Data provided
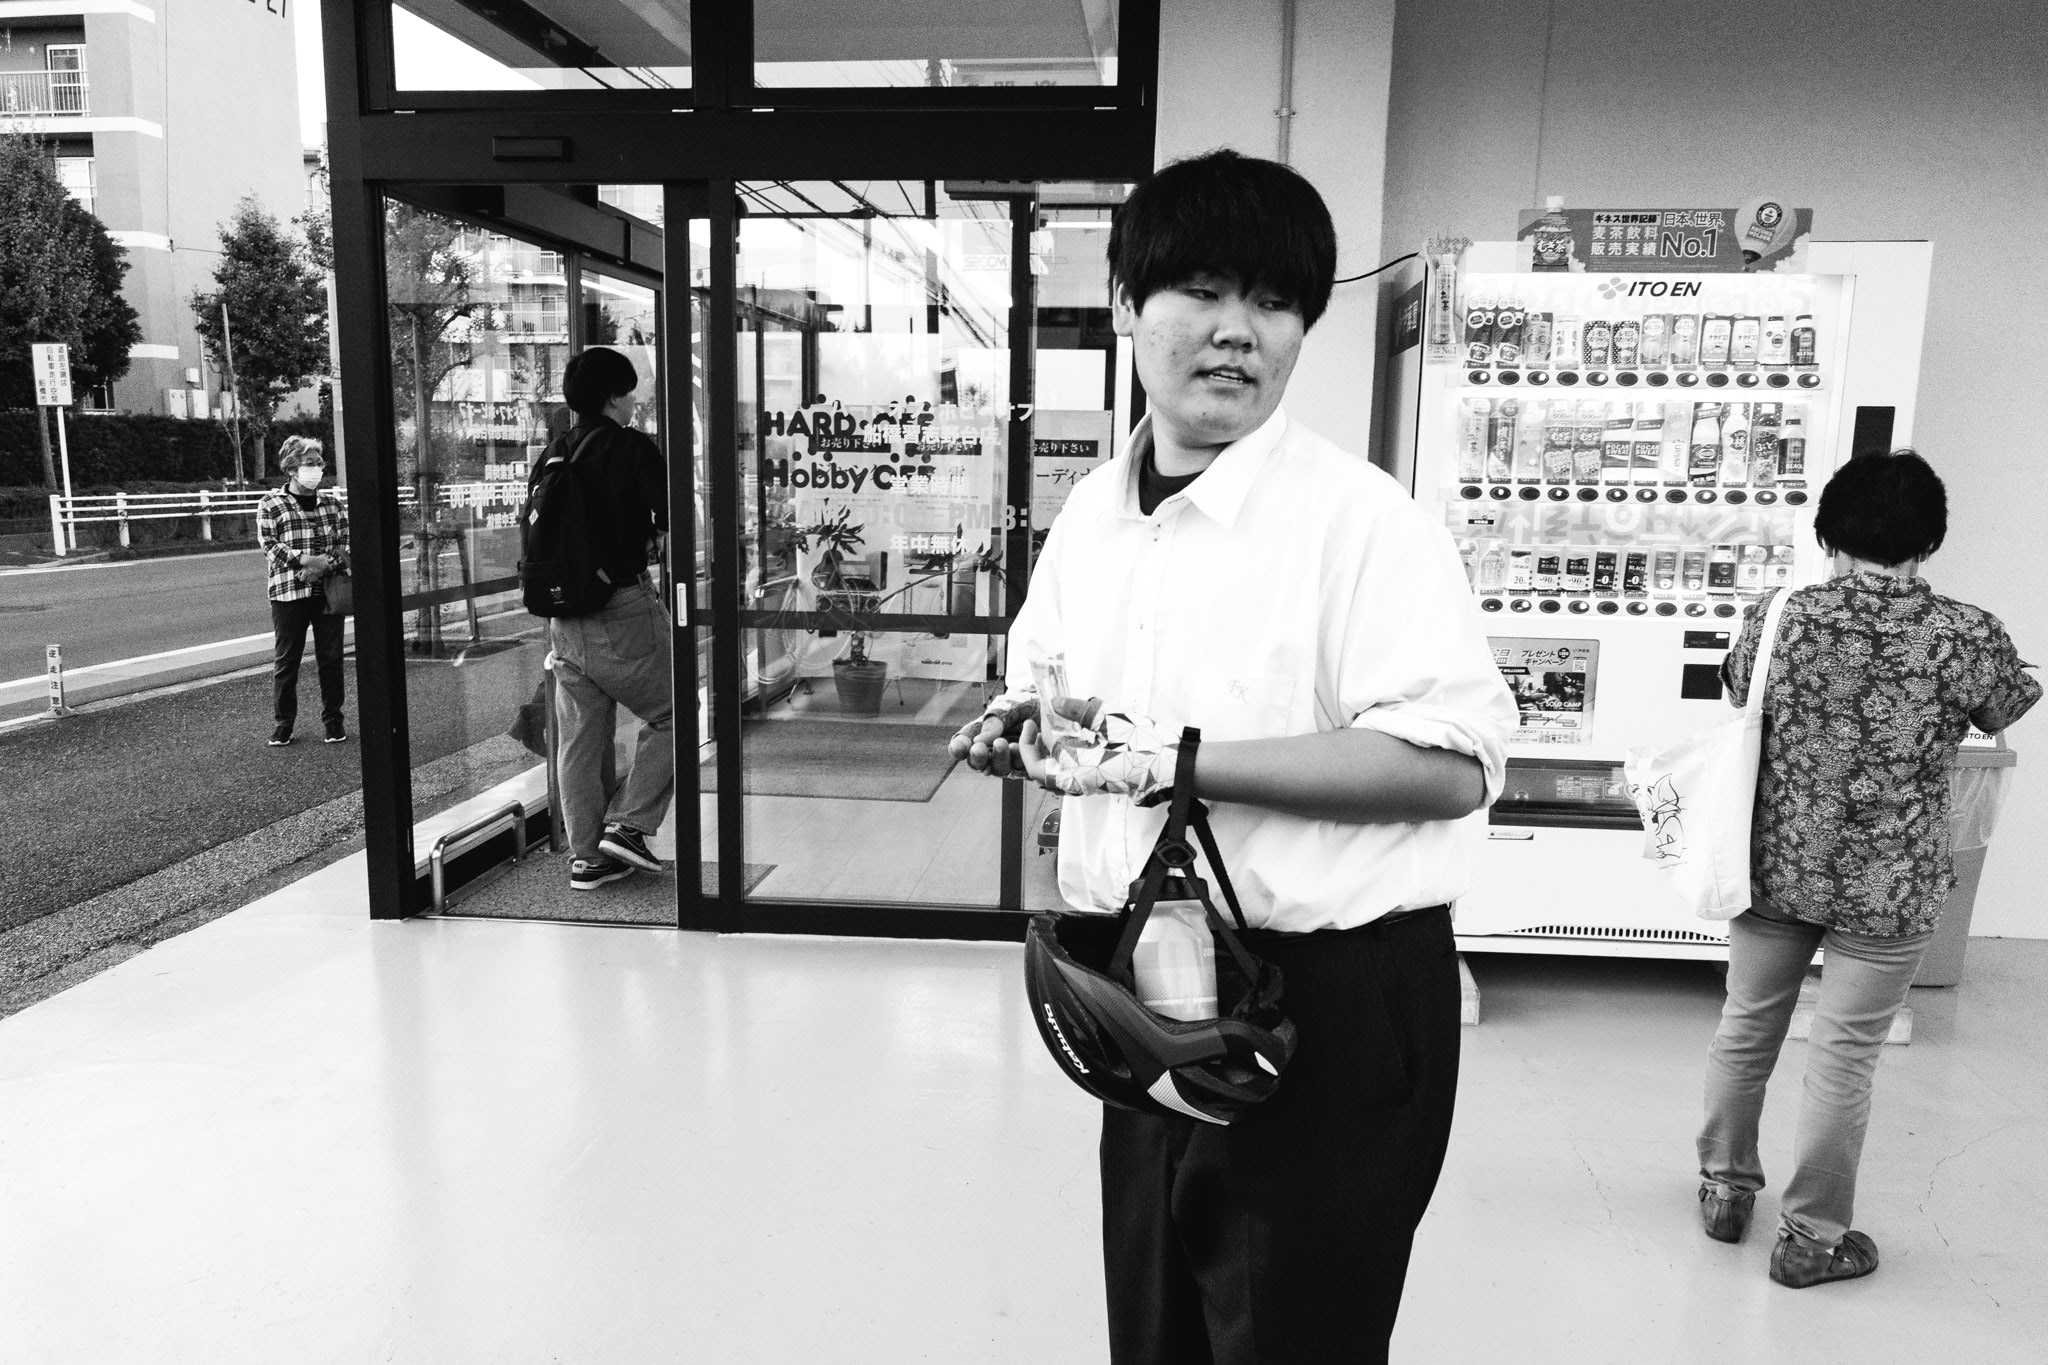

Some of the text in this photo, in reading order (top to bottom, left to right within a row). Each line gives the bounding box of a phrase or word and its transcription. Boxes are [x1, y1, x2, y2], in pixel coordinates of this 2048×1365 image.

[1595, 214, 1658, 224] ギネス世界記録
[1592, 226, 1659, 240] 麦茶飲料
[1590, 241, 1658, 256] 販売実績
[1660, 228, 1718, 258] No.1
[1627, 281, 1703, 297] ITO EN
[889, 534, 971, 555] 年中無休
[1521, 650, 1556, 658] プレゼント
[1524, 658, 1567, 666] キャンペーン
[1044, 1003, 1090, 1074] Kabuto
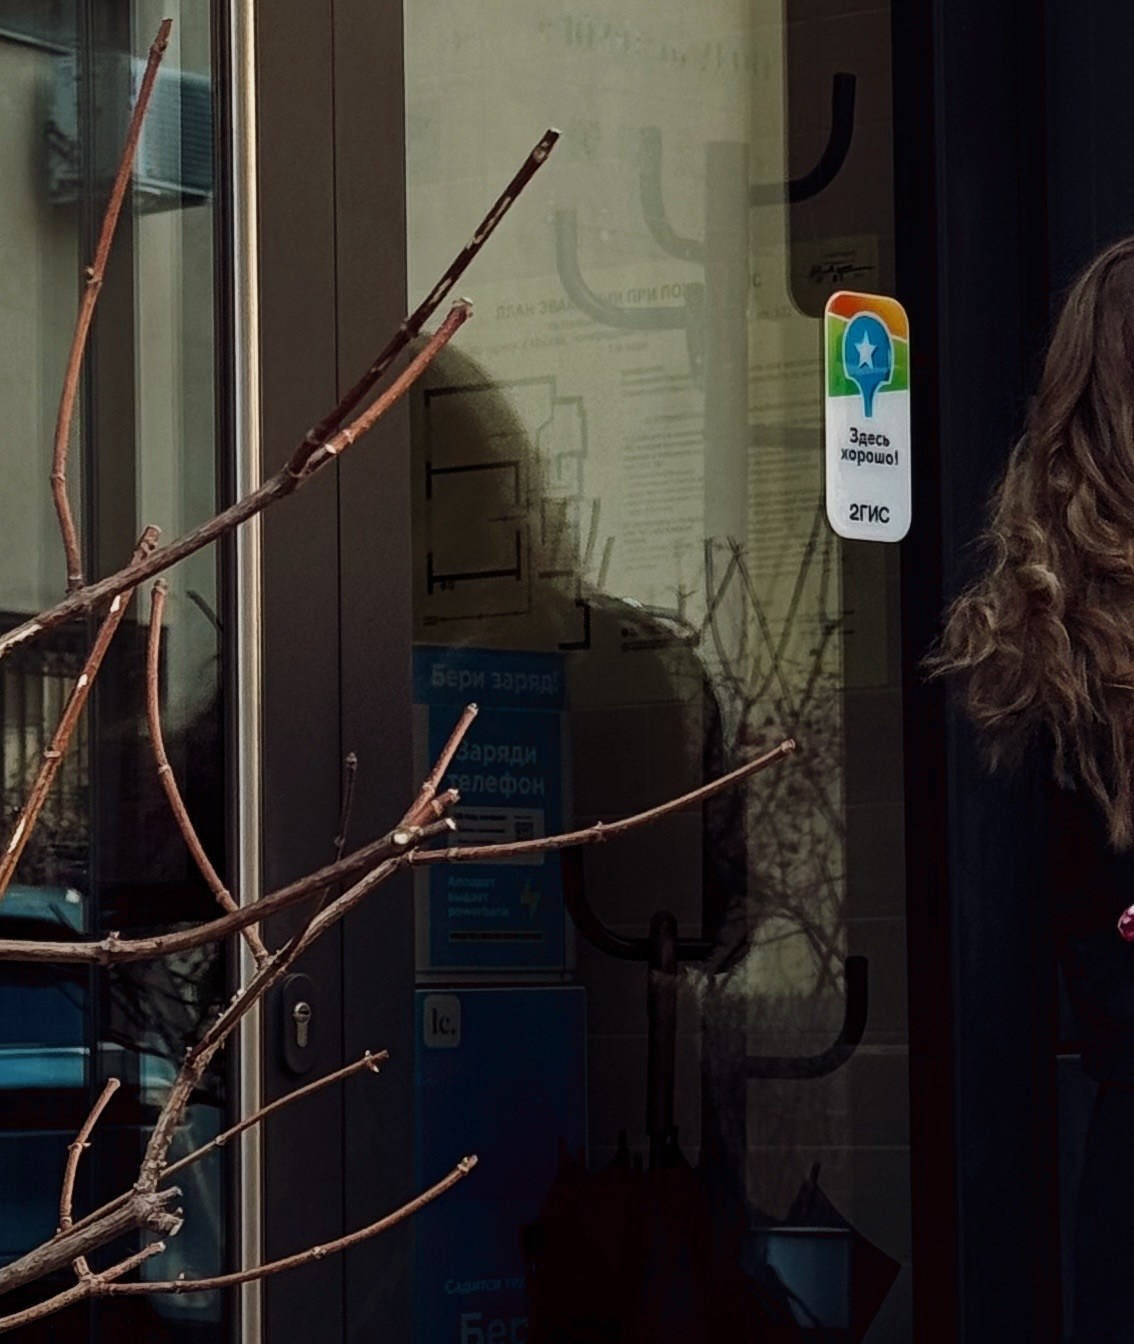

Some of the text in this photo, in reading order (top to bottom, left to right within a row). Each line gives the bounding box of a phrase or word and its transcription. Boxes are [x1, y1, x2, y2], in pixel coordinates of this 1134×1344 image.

Problem requirements
Could you output the full set of entries exactly, skipping every picture?

Answer box
Some of the text in this photo, in reading order (top to bottom, left to right within a row). Each line gives the bounding box of a phrase or word and its transcription. Boxes are [x1, y1, x2, y2], in pixel coordinates of this 2048×1365 image.

[1595, 214, 1658, 224] ギネス世界記録
[1592, 226, 1659, 240] 麦茶飲料
[1590, 241, 1658, 256] 販売実績
[1660, 228, 1718, 258] No.1
[1627, 281, 1703, 297] ITO EN
[889, 534, 971, 555] 年中無休
[1521, 650, 1556, 658] プレゼント
[1524, 658, 1567, 666] キャンペーン
[1044, 1003, 1090, 1074] Kabuto

Some of the text in this photo, in reading order (top to bottom, left to right within a row). Each line gives the bounding box of a phrase or word and its transcription. Boxes are [x1, y1, x2, y2], in pixel coordinates of this 1134×1344 image.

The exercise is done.